Великий бог, пребывающий в Иунете,
Старший сын Геба!
И ты пробудись в благости!
Пробудитесь в благости, Нетеры, и Нетеруты,
И Эннеады, окружающие Всевеличайшего!
И вы пробудитесь в благости!
Я пробудился в темноте, в мучительных корчах и в совершенном смятении.
Никогда прежде мне не снились одни только слова, звучащие напевным речитативом слова, причем на незнакомом мне языке, с которого, впрочем, мой ум — или мой скарабей — невесть почему легко переводил на английский. Приторный запах курений и маслянистого дыма все еще щекотал мои ноздри. Эхо давно умерших голосов звенело в моих ушах. Перед взором моим — точно остаточное изображение в виде красного круга на сетчатке глаза после долгого смотрения на солнце — стояли нетеры, боги Черной Земли: Нуит, богиня Звезд; Аст, или Исида, владычица Небес; Асар, или Осирис, бог наших Предков; Небт-Хет, или Нефтис, богиня Смерти, которая не вечна; Сути, или Сет, Враг; Гор, или Хор, владыка Грядущих Вещей; Анпу, или Анубис, проводник в Царстве Мертвых; Дахаути, или Тот, хранитель Книги Жизни.
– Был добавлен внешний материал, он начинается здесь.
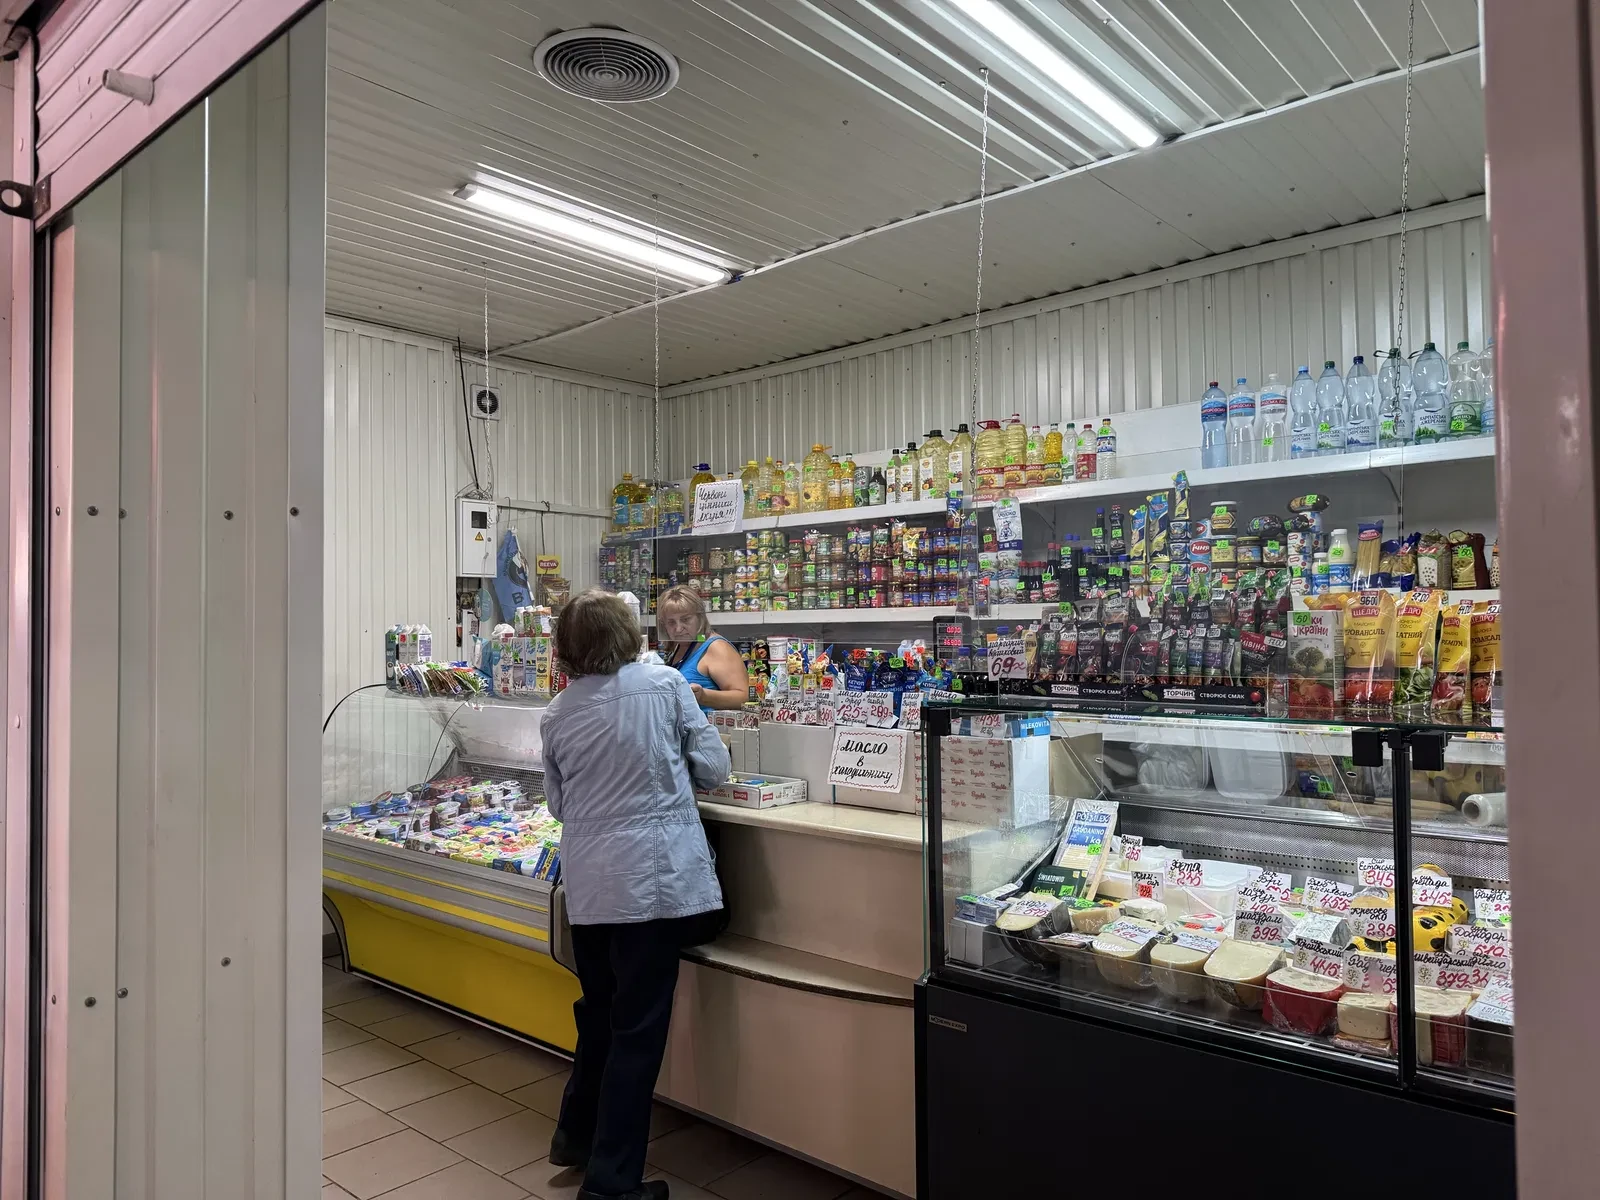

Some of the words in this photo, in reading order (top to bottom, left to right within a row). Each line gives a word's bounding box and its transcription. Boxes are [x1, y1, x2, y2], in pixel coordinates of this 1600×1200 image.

[1353, 607, 1380, 617] ЩЕДРО
[1053, 685, 1078, 693] ТОРЧИН
[1166, 690, 1195, 698] ТОРЧИН
[856, 755, 865, 767] в
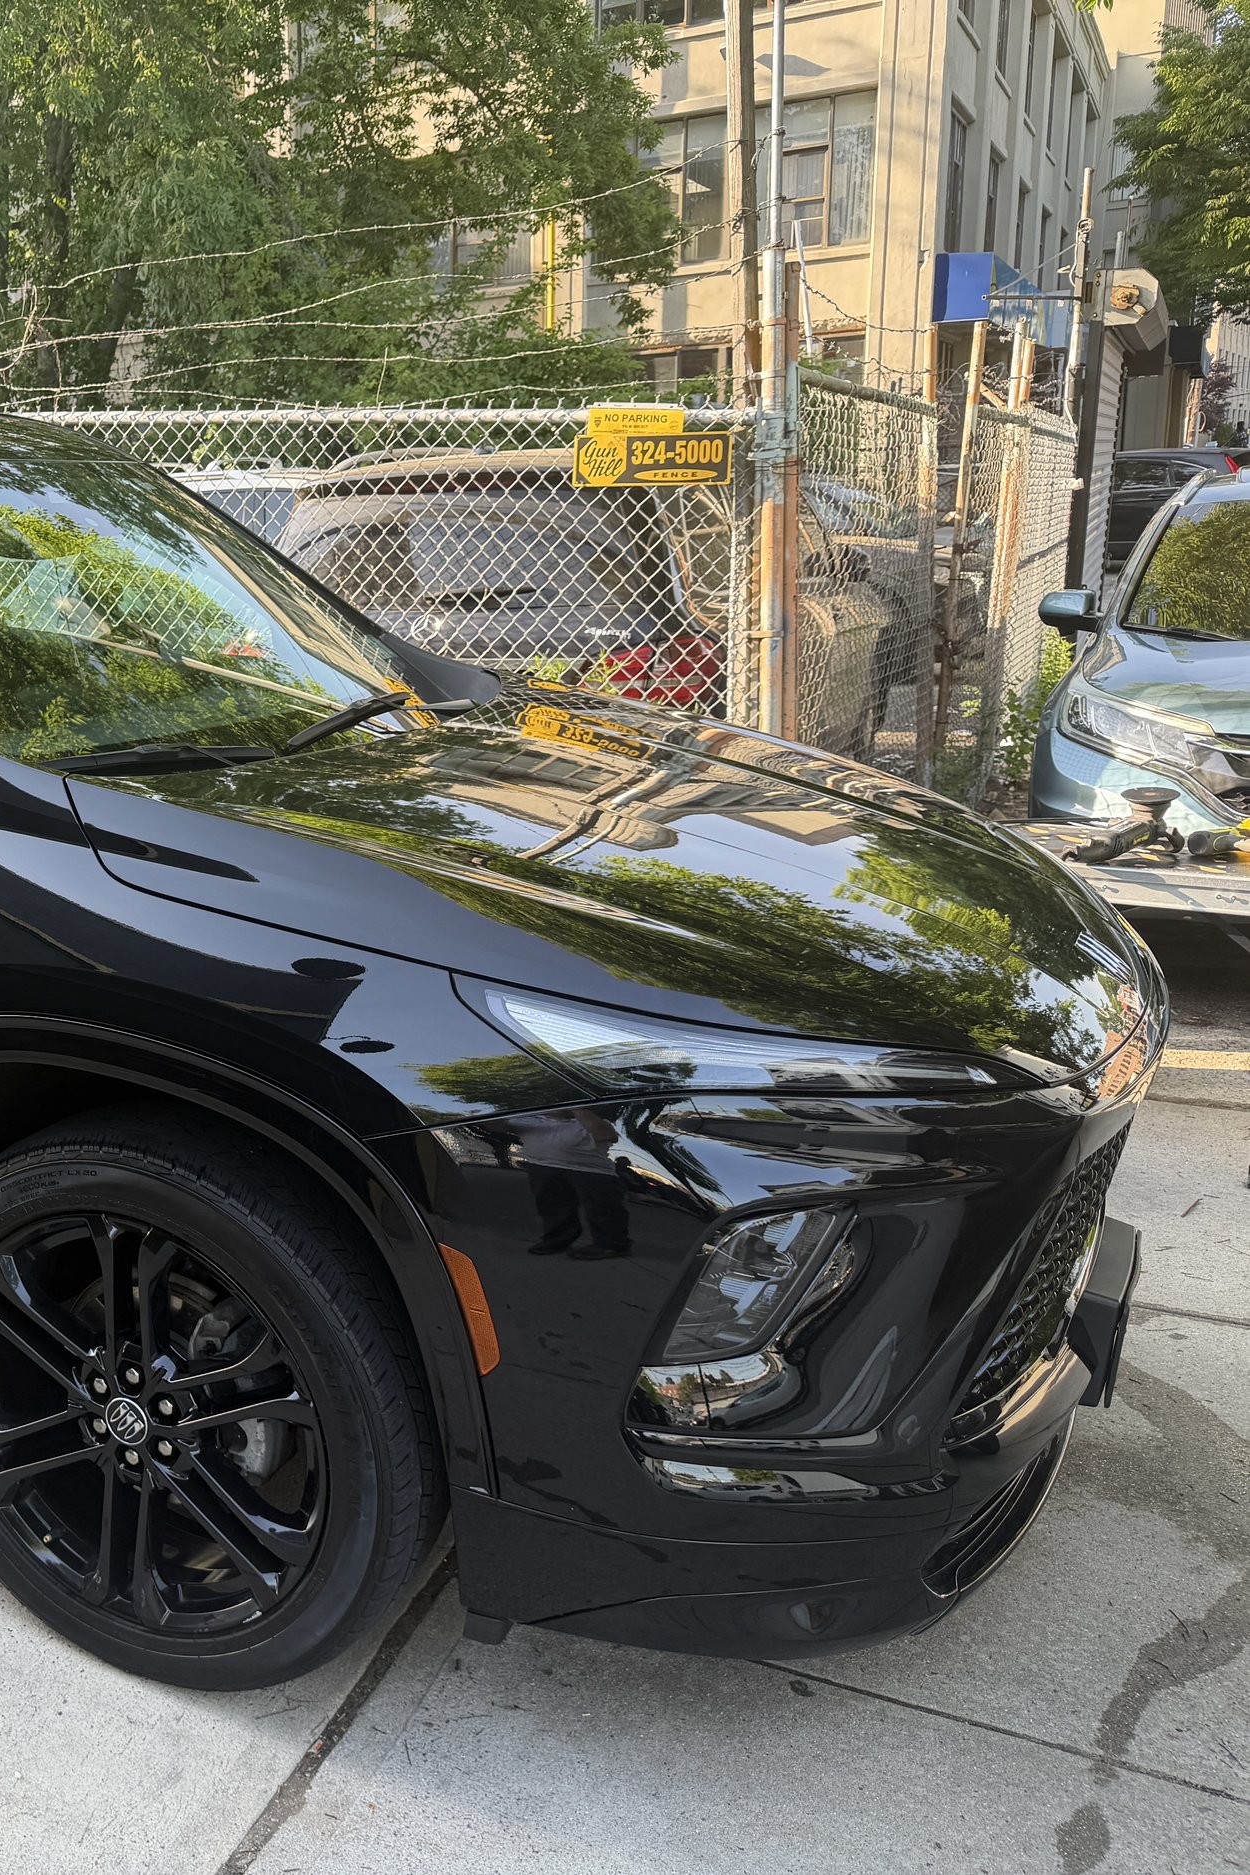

Скарабей возился в моем черепе, причиняя дикую боль, и я пронзительно закричал в темноте.
На мой крик никто не пришел — ночь стояла в самой глухой поре, дверь спальни была закрыта, а Кэролайн и ее дочь спали внизу, тоже за закрытыми дверями, — но когда эхо воплей стихло в моем истерзанном мозгу, я осознал, что нахожусь в комнате не один. Я слышал чье-то дыхание. Я ощущал чье-то присутствие подсознательно воспринимая не токи живого тепла, по каким мы порой узнаем, что рядом с нами в темноте находятся другие люди, но исходящий от незримого существа холод. Казалось, будто кто-то вытягивает остатки тепла из воздуха.
Я нашарил на комоде спички и зажег свечу.
На деревянном стуле в ногах кровати сидел Второй Уилки. Он был в черном широком пальто, что я выбросил несколько лет назад; на коленях у него лежала планшетка с чистым листом бумаги. В левой руке он держал карандаш. Ногти у него были обгрызены сильнее, чем у меня.
— Чего тебе надо? — прошептал я.
— Я жду, когда ты начнешь диктовать, — сказал Второй Уилки.
Я снова машинально отметил, что голос у него не такой низкий и звучный, как у меня. Но с другой стороны… разве кто-нибудь слышит по-настоящему тембр собственного голоса?
— Что диктовать? — прохрипел я.
Второй Уилки молча ждал. Сердце мое сократилось добрую сотню раз, прежде чем он наконец промолвил:
— Ты хочешь продиктовать мне описание твоих снов или следующую часть «Лунного камня»?